PROBLEM TO SOLVE ->
Let the line containing "this 1498×1686 image." serve as the first line of the answer and the final line of the entries as its last, with every line between copied exactly.

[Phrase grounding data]
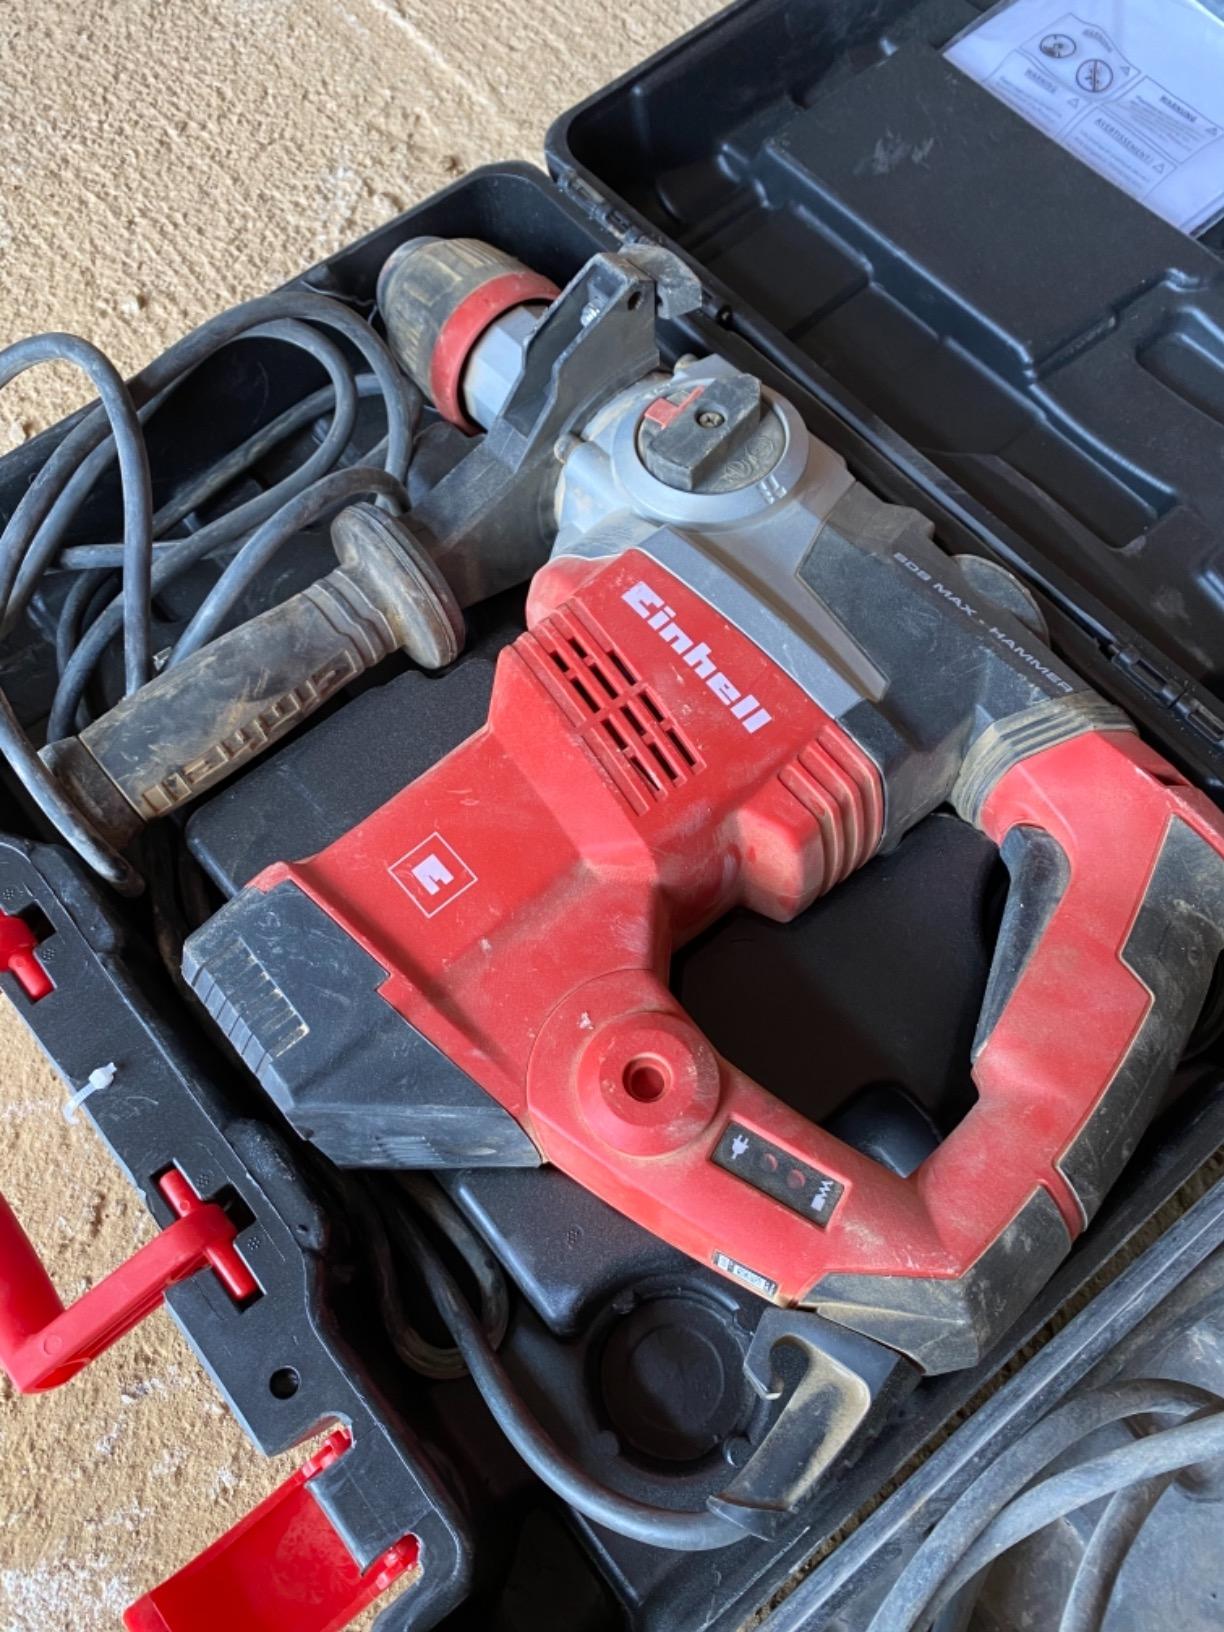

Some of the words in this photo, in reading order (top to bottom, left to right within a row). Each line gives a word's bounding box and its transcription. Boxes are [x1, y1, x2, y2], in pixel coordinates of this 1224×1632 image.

[621, 581, 772, 734] Einhell
[894, 552, 931, 581] SDS
[933, 582, 978, 617] MAX
[989, 627, 1074, 693] HAMMER
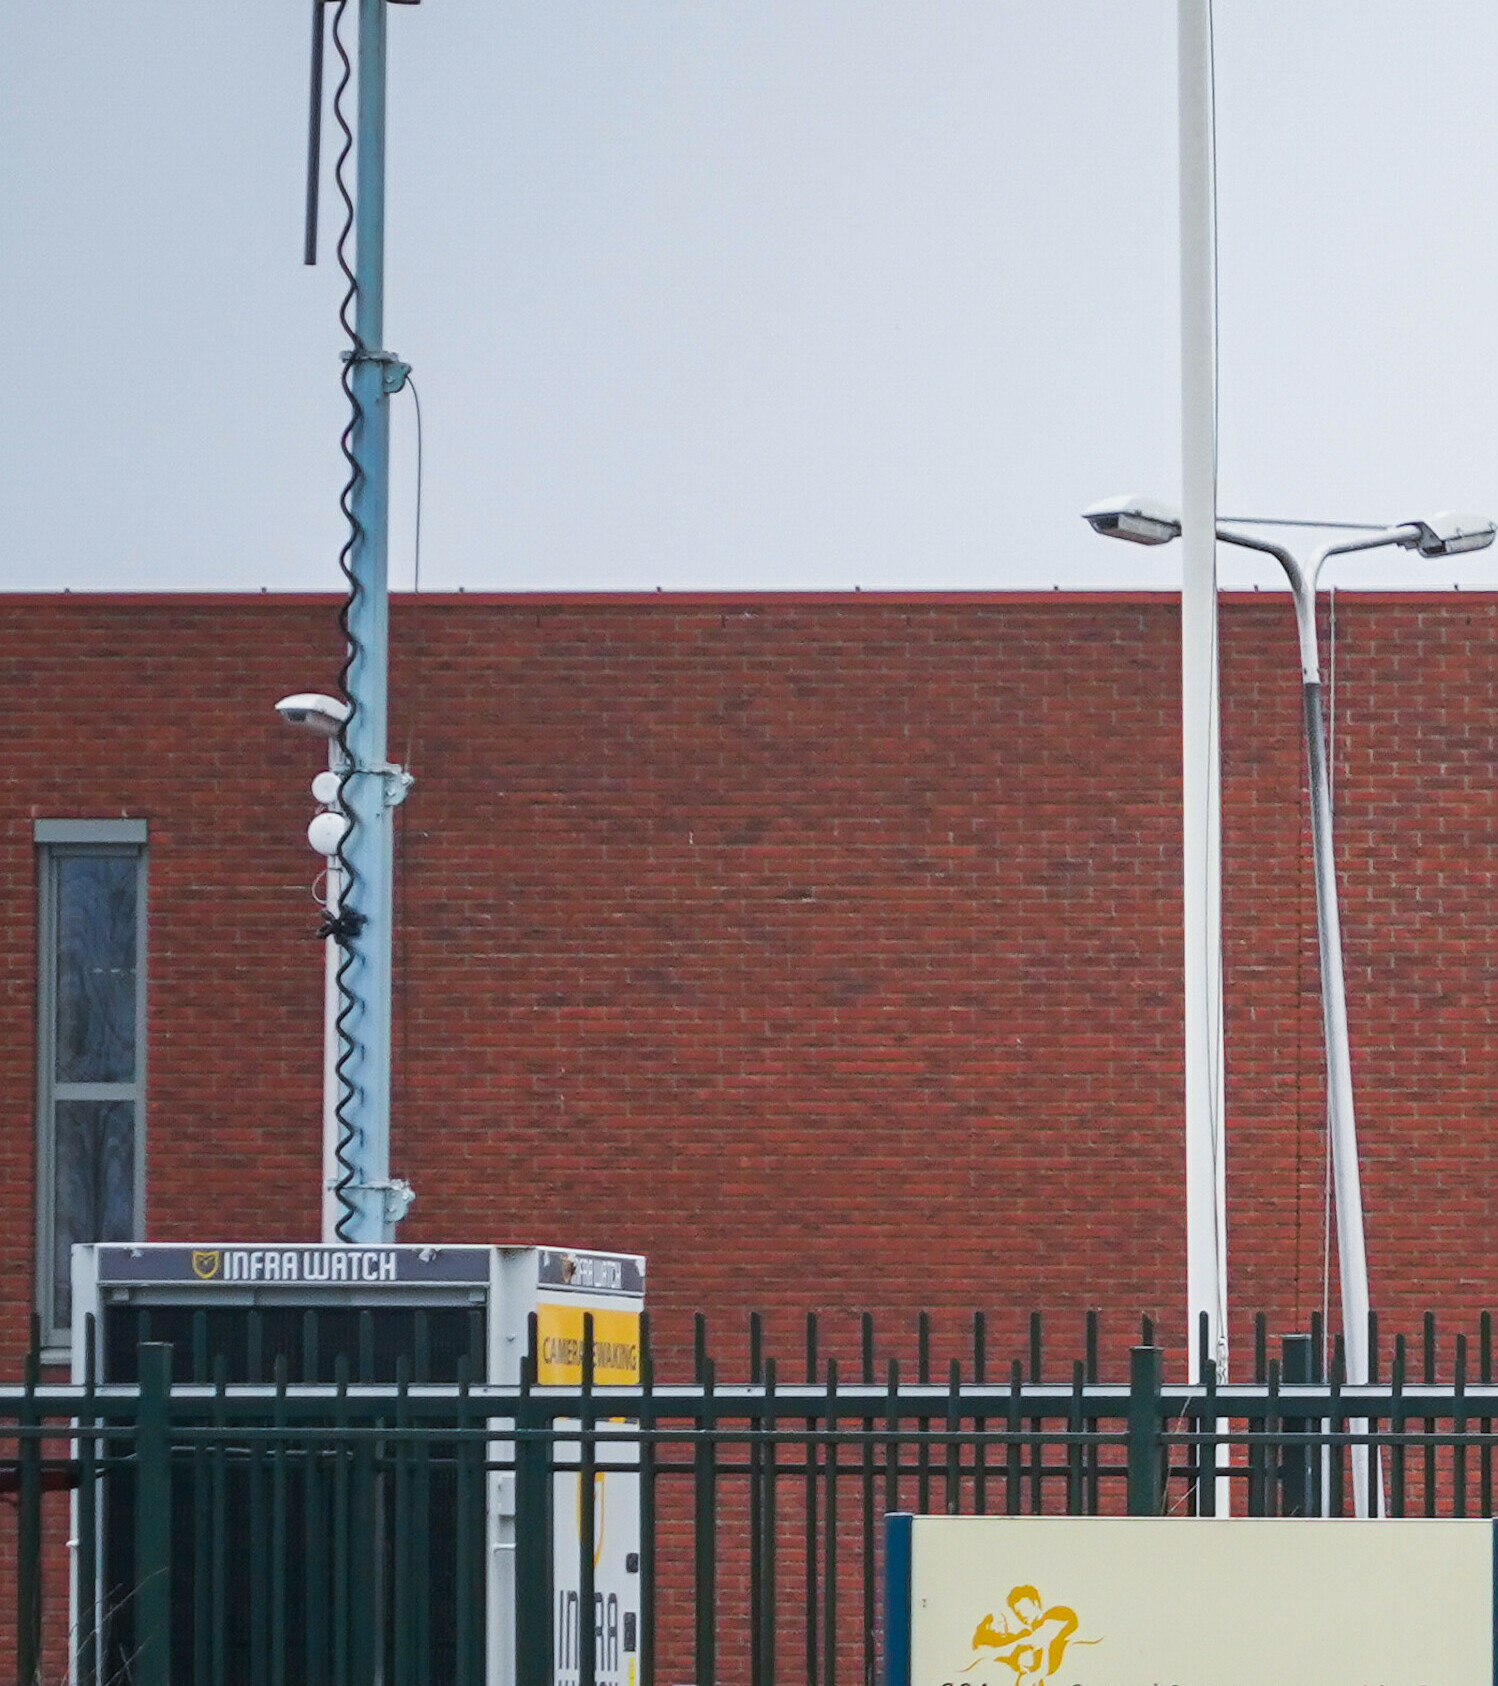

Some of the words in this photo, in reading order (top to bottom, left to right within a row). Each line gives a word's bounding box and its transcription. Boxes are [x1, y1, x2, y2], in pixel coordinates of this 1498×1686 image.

[223, 1251, 298, 1281] INFRA
[303, 1251, 397, 1281] WATCH
[558, 1589, 618, 1672] INRA

SOLVED EXERCISE ->
Some of the words in this photo, in reading order (top to bottom, left to right within a row). Each line gives a word's bounding box and its transcription. Boxes are [x1, y1, x2, y2], in pixel coordinates of this 1498×1686 image.

[223, 1251, 298, 1281] INFRA
[303, 1251, 397, 1281] WATCH
[558, 1589, 618, 1672] INRA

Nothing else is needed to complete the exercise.